一言で配布と言っても、配布先は事務所のある首都ドゥシャンベからデコボコ悪路を車で行くこと5時間の山岳郡全域。気温もぐっと下がり、電気や水道もほとんど設備されていません。改めてこの土地の厳しさを感じました。

しかし、そんな中で出迎えてくれたのは、とっても温かい人たちばかりでした。家々を回る度に、「わざわざ遠くから、こんな田舎までありがとうね」、「日本の皆さまも健康でありますように」。中には「早く結婚して、元気な赤ちゃんを育てるんだよ」と声をかけくれたおばあちゃん。
そして、すべての家庭に配布を終えると、自身も障害を持つ障害者団体の代表は言いました。

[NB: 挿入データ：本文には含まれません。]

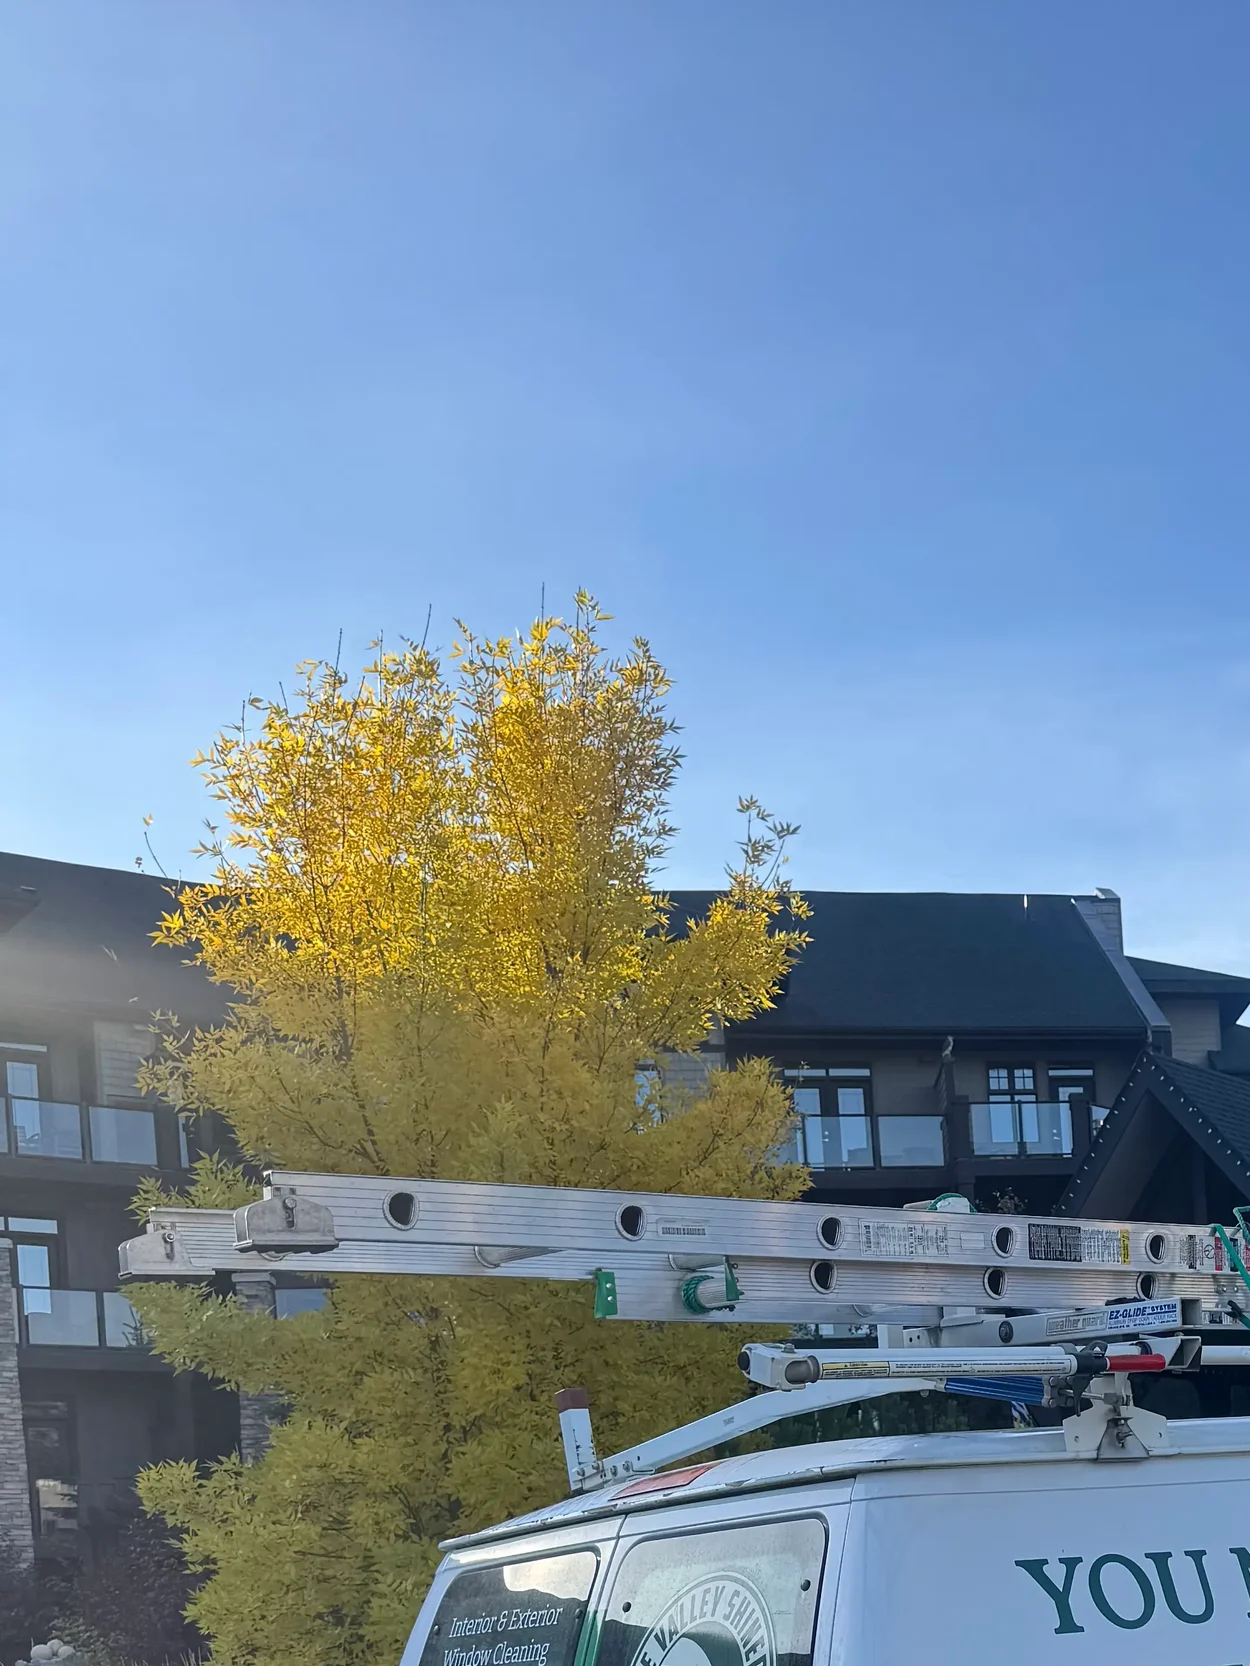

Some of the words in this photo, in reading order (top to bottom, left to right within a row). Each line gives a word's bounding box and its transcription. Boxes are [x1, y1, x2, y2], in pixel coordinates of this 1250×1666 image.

[1014, 1549, 1217, 1636] YOU
[449, 1612, 498, 1638] Interior
[497, 1610, 508, 1631] &
[508, 1604, 563, 1630] Exterior
[653, 1585, 726, 1652] VALLEY
[493, 1639, 550, 1666] Cleaning
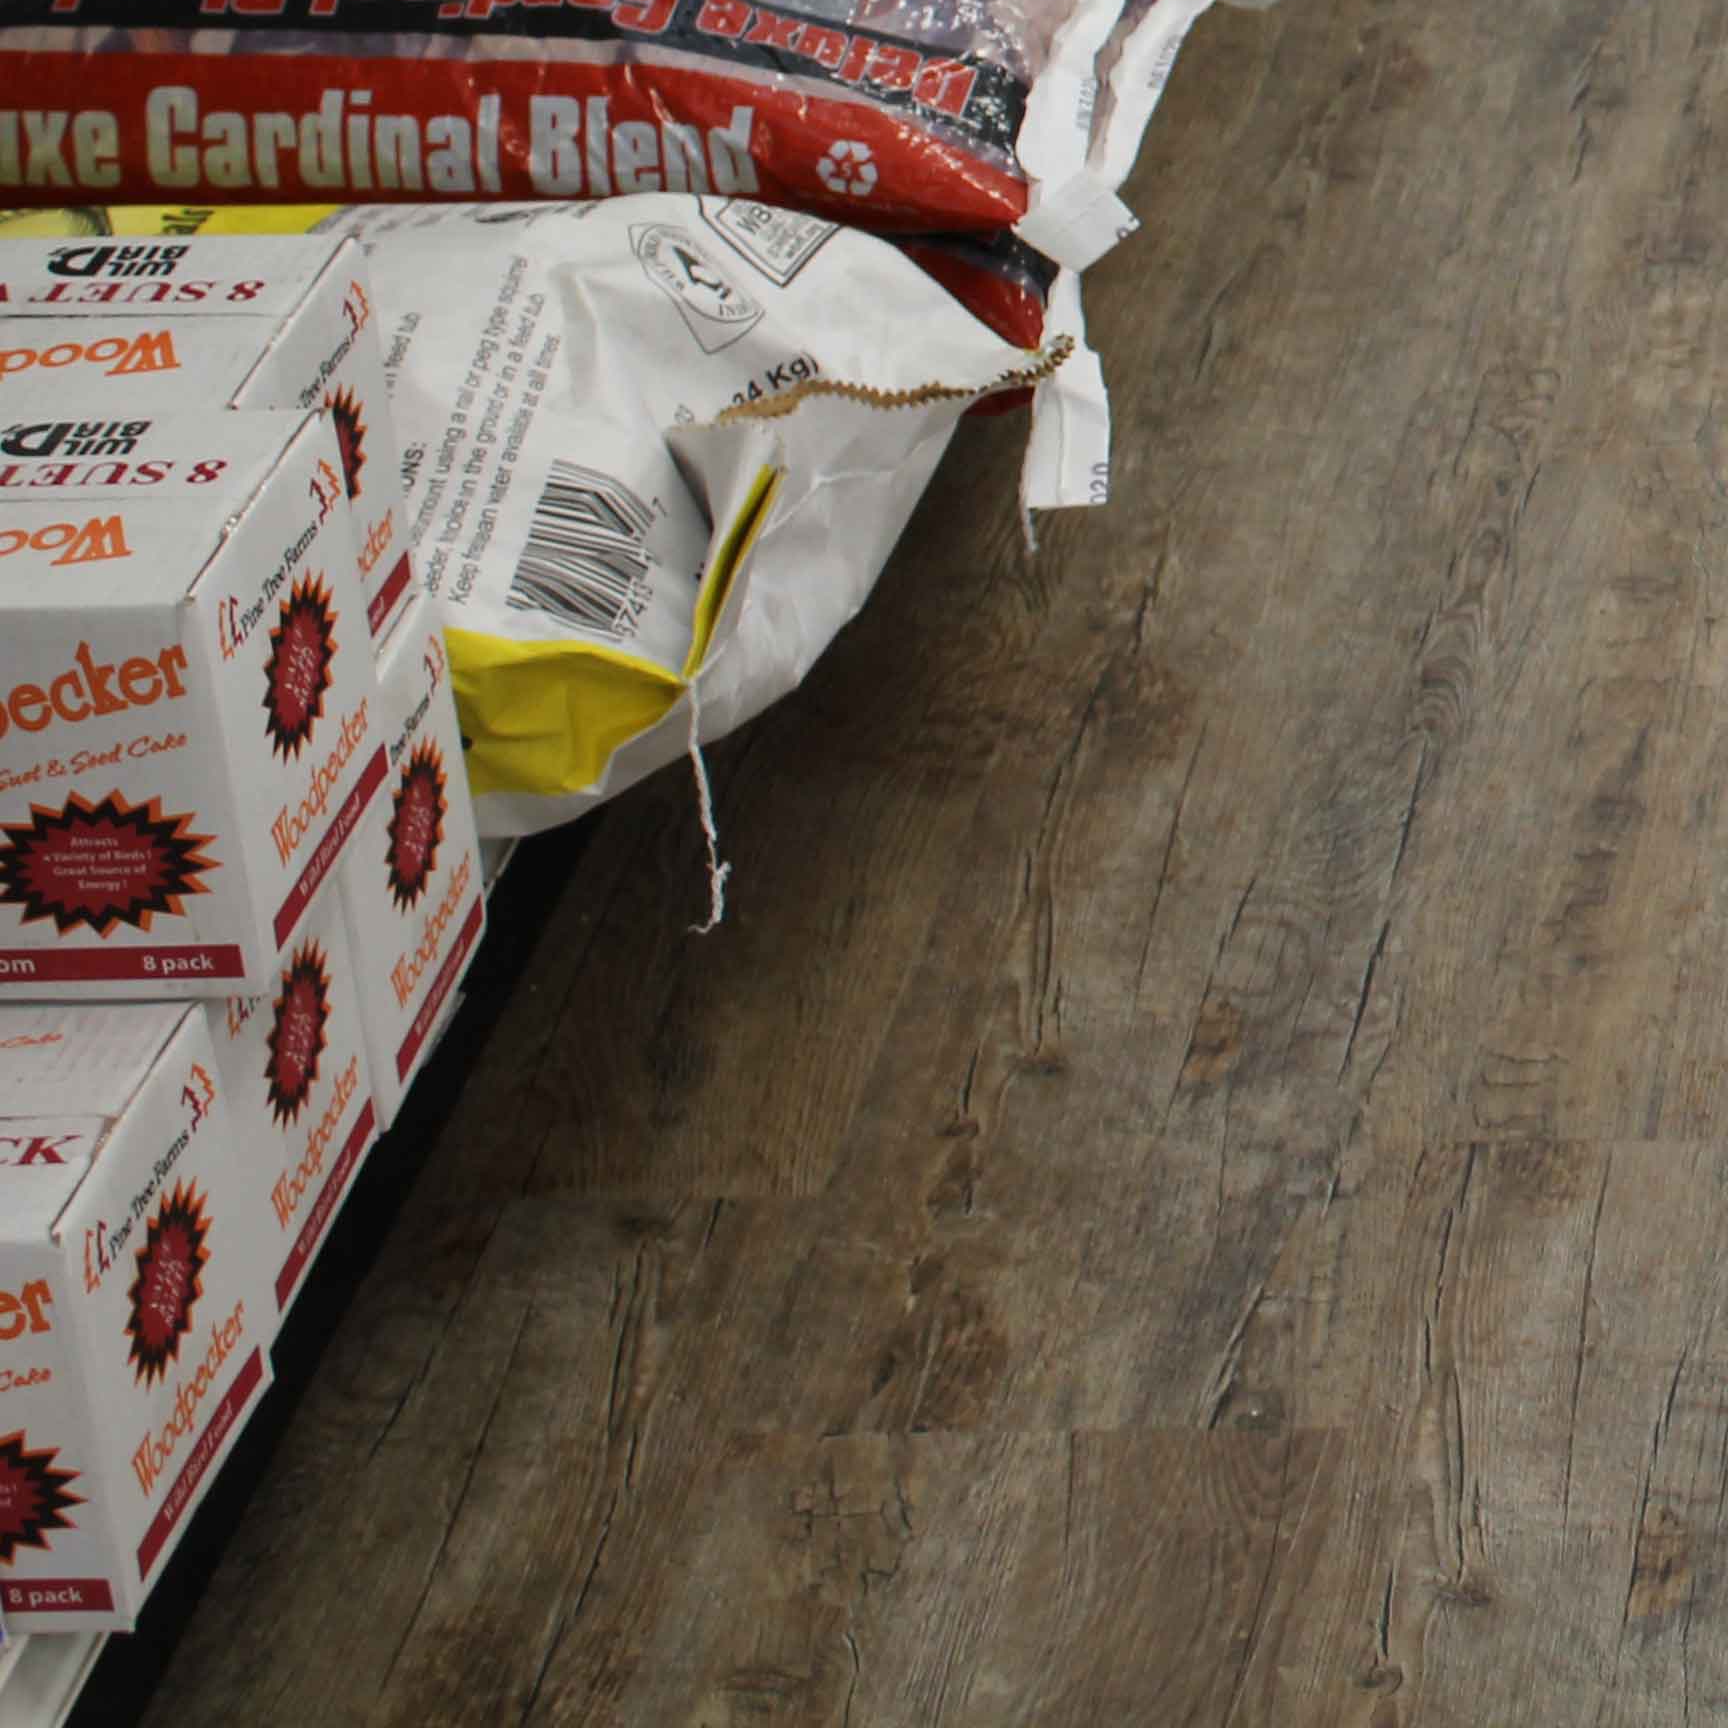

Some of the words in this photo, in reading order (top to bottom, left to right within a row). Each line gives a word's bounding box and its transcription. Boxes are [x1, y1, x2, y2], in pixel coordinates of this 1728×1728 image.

[145, 84, 503, 195] Cardinal
[525, 92, 760, 198] Blend
[29, 281, 214, 303] SUET
[227, 281, 266, 302] 8
[765, 353, 821, 391] Kg)
[186, 459, 229, 485] 8
[461, 443, 488, 476] the
[259, 562, 288, 601] Tree
[284, 519, 318, 570] Farms
[445, 559, 481, 607] Keep
[71, 742, 124, 776] Seed
[128, 732, 188, 758] Cake
[270, 697, 371, 867] Woodpecker
[53, 850, 96, 864] Variety
[70, 835, 119, 849] Attracts
[53, 865, 87, 878] Great
[89, 863, 131, 877] Source
[143, 955, 158, 971] 8
[162, 953, 215, 975] pack
[271, 1056, 358, 1233] Woodpecker
[127, 1177, 160, 1222] Tree
[152, 1130, 191, 1183] Farms
[130, 1300, 245, 1496] Woodpecker
[8, 1586, 24, 1605] 8
[29, 1586, 85, 1610] pack
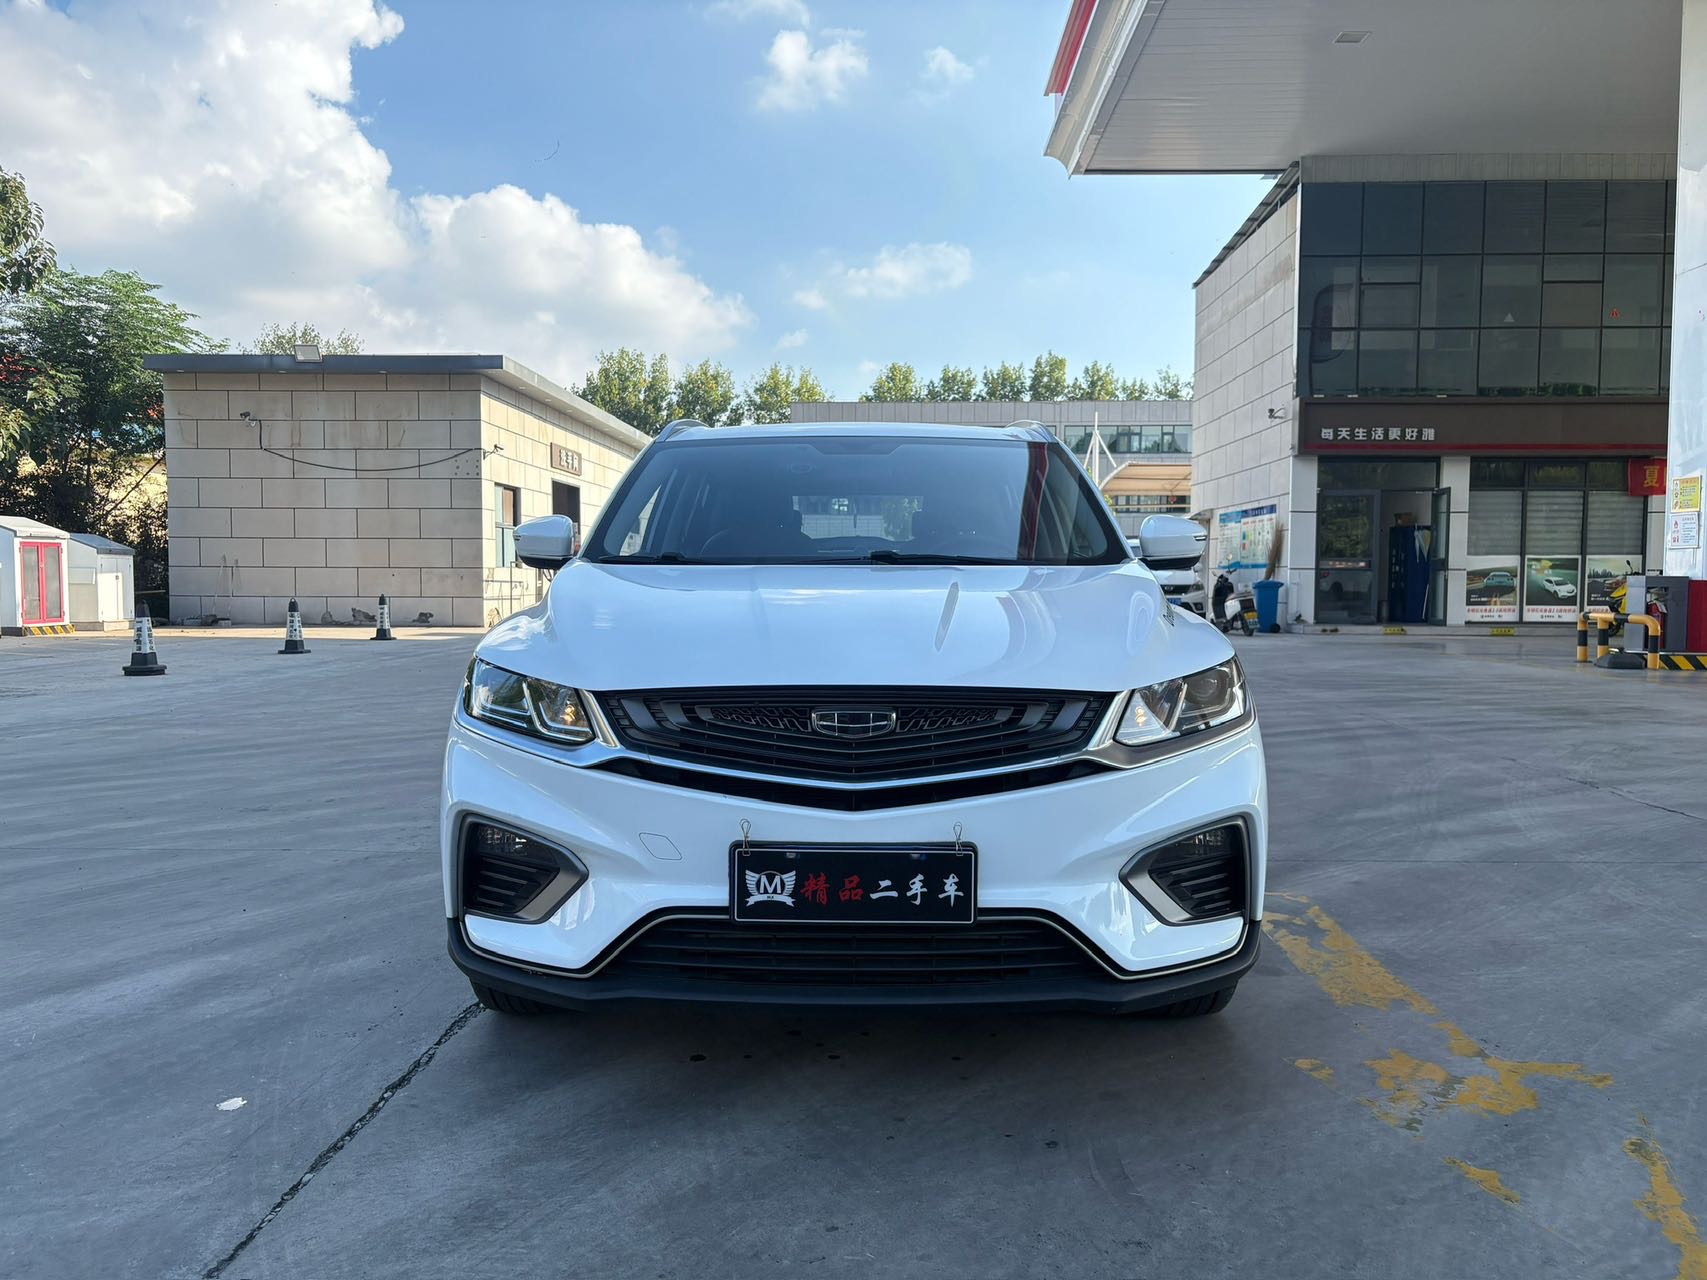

「はちみつの配布量よりもっと大事なことがあるんだよ。それは、こうして一軒一軒を回り、『障害者の方に目を向ける、光を与える』こと。これが一番大事なんだ」

我々の活動は、この言葉に集約されているのではないでしょうか。
「人々に目を向け、光を与え続ける」
はちみつが今後、人と人とを結ぶたくさんの懸け橋になることを願って。そして難民を助ける会が、少しでもそのお手伝いをすることが出来れば嬉しいです。